Sayfa başına dön Aşağa gitmek
Ruby Rutherford
Şarkıcı
 Şarkıcı
Ruby Rutherford


Mesaj Sayısı : 62
Kayıt tarihi : 31/08/10
Nerden : California, LA

Sözde Dost Empty
MesajKonu: Geri: Sözde Dost   Sözde Dost Icon_minitimeC.tesi Eyl. 11, 2010 6:53 am

Ai'nin ortamı terk etmesiyle bir sessizlik çöktü ikimize de. Bir ona bir de dışarıdaki yağmurlu havaya bakıyordum. Sonunda dayanamadı ve benimle konuşma cesaretini bulabildi. "Yalan söyleyen sendin değil mi?" Ah, Tanrım bu kız beni öldürecek. Bildiğin bir şey için neden soru sorarsınki? Madem bana inanmıyordun Ai'yi niye suçladın acaba? Ters bir bakış attım Pix'e. Saçmalama dercesine elimle geçiştirdim ama bu onu yeterli olmamış olacakki üstelemeye devam etti."Hadi ama Ruby, hayatında bir kez doğru söyle. Yalan söyleyen sensin değil mi?" Demek daha önceki yalanlarımı da fark etmişti. Yüzümü buruşturdum. Midemde garip bir his vardı. “Evet, yalan söyleyen benim.” Artık bu saçma oyunlardan sıkılmıştım. Bu kıza ağzının payını vermenin vakti gelmişti. Gözlerinin buğulandığını ve dişlerinin titrediğini görebiliyordum. “Biliyor musun neden yalan söyledim?”
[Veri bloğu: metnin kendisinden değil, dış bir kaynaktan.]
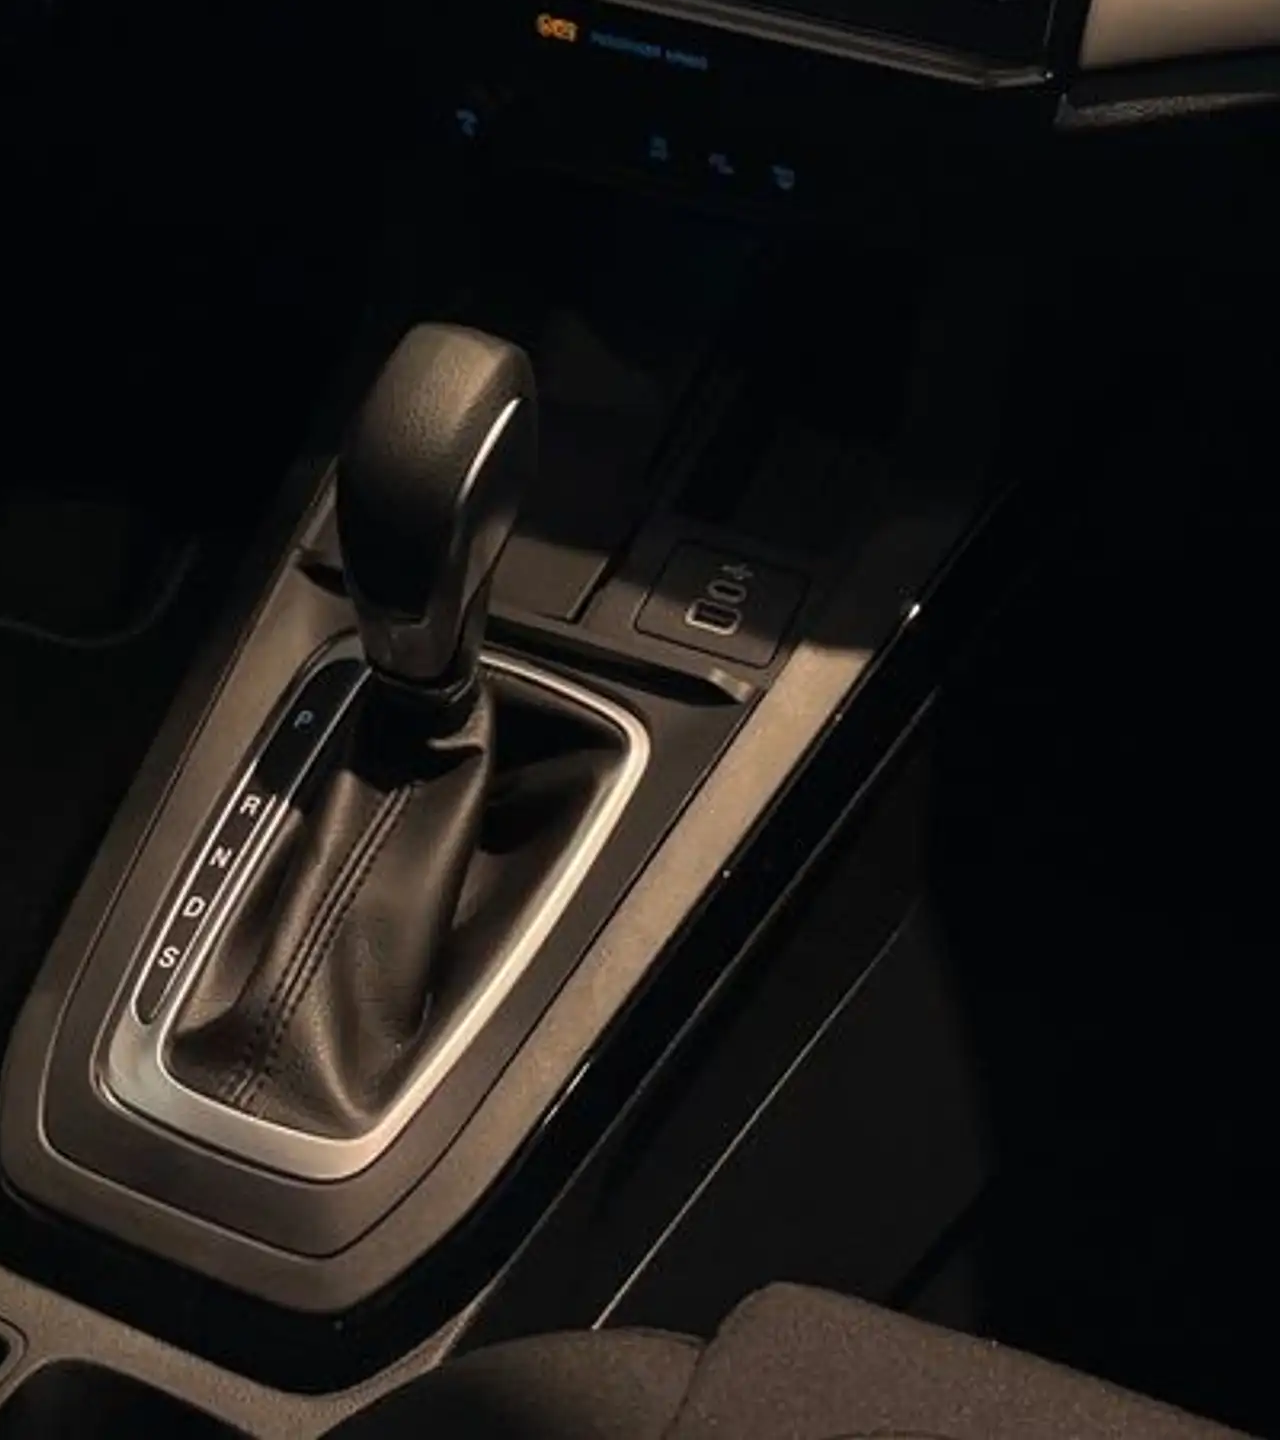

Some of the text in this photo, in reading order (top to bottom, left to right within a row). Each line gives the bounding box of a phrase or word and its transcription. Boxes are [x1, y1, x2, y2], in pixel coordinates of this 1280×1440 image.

Boş gözlerle bir etrafa bir bana bakıyordu. Önümde duran kahvemden bir yudum aldım ve içimin ısınmasını bekledim. “Çünkü sen hep benden önde oldun. Daima bir konuda en başarılı sen oldun ve bu benim sinirimi son derece bozuyor.” Ellerinin de titremeye başladığını gördüm. En yakın arkadaşını yalancılıkla suçlamıştı az önce, gayet normaldi. “Ben, ben anlayamıyorum.” Ah, seni salak neyi anlamıyorsun? Nefret ediyorum işte senden, anlaşılmayacak bir şey yok bunda. Kıza sinirli gözlerle baktım. Çantamı kaptığım gibi tuvalete doğru yol aldım. Makyajımı tazeledim ve kendime aynada şöyle bir baktım. Evet, hala güzeldim. Bu kadar çok nefret edilmemin sebebi bu olsa gerek diye düşündüm. Bir an için çok sevilen biri olmanın nasıl bir duygu olabileceğini aklıma getirdim. Sonra kendime geldim ve saçmalama Ruby dedim. Seni zaten çok seven milyonlarca hayranın var. Bir avuç sürtük hayrana kalmadın. Üstüme başıma çeki düzen verdikten sonra tuvaletten çıktım ve masaya gittim. Tahmin ettiğim gibi Pixie çoktan gitmişti. Korkak kız, her zaman olaylarla yüzleşmekten vazgeçer, kaçardı. Masaya gittim ve tek başıma birkaç saat oturdum.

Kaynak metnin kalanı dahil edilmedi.